Palestinian society is a patriarchal society like all other Arab societies. Notions of honor and shame are critically important in their worldview as well as in their understanding of their own identity and conduct in life. Honor is a male prerogative while the loss of honor is considered to be always dependent on women’s behavior. Loss of honor brings shame to the whole family, and it is only women’s behavior and moral conduct that can lead to shame. Such notions and such a belief system might be viewed as particular to Arab society and thus reprimanded. However, such notions can be found to exist in more or less every society around the world to different degrees.
While we were travelling back from Jerusalem to Jericho, we were introduced to a Palestinian woman, who is a women’s rights activist. She was a friend of one of the camp organizers and so came to meet the participants and share her experiences. The concerns she raised were critically important for a nation that is in the process of the making.
She told us about her life and the way she has to struggle to live a dignified life.

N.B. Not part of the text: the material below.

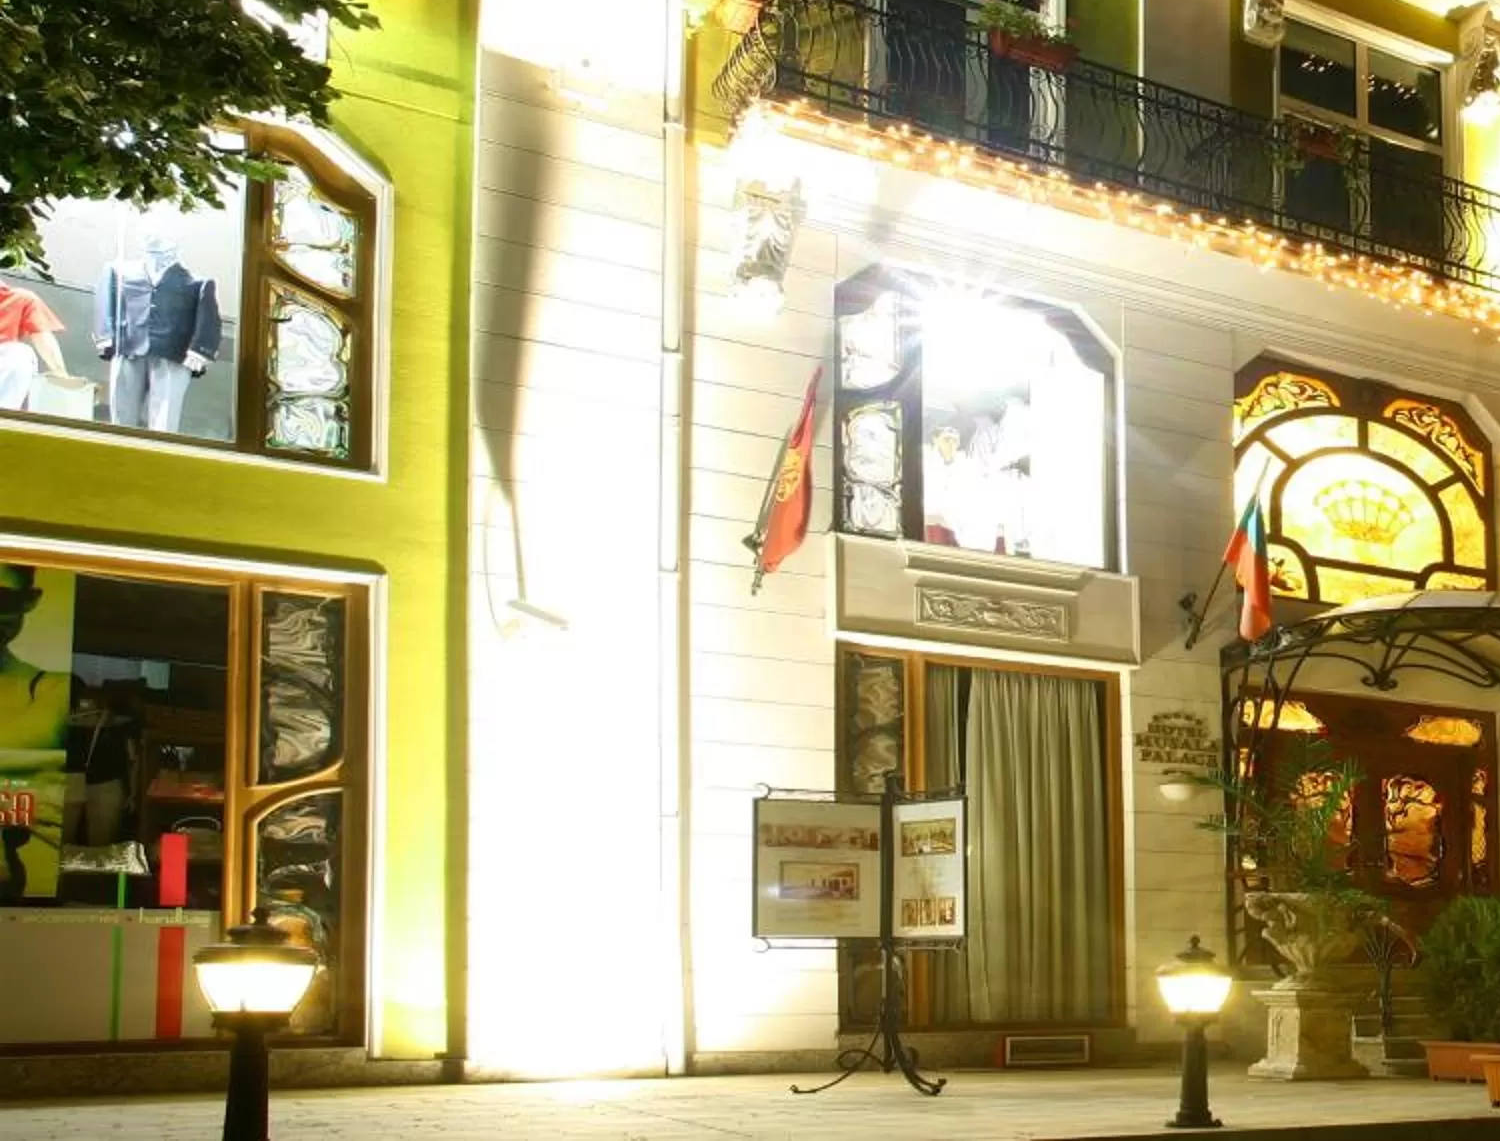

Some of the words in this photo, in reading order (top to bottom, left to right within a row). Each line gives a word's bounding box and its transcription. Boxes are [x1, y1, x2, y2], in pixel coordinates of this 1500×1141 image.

[1147, 722, 1209, 739] HOTEL
[1135, 733, 1219, 752] MUSALA
[1140, 748, 1218, 767] PALACE

She further told us that many Palestinian women are subjected to such humiliating experiences at home. But few summon the courage to choose to walk away. Patriarchy is deeply entrenched in Palestinian society and so independent behavior of women is rarely tolerated. Moreover males are considered the custodian of the family honor and are considered superior to women in every aspect. In fact, women are always expected to behave in a particular way in public and too much interaction with males is considered immodest. Such a belief system leads to many different forms of discrimination against women in Palestinian society.
I was not completely unaware of this situation for women in Palestinian society. I had earlier read about these issues in books as well. Interaction with a Palestinian delegation of nationalist poets and filmmakers that visited India confirmed the presence and escalation of violence against women.
That is the only area in which they can assert their domination and control, which they have almost lost under occupation. However, when I visited Palestine, it became increasingly difficult for me to comprehend and appreciate the complexity of the gender issue.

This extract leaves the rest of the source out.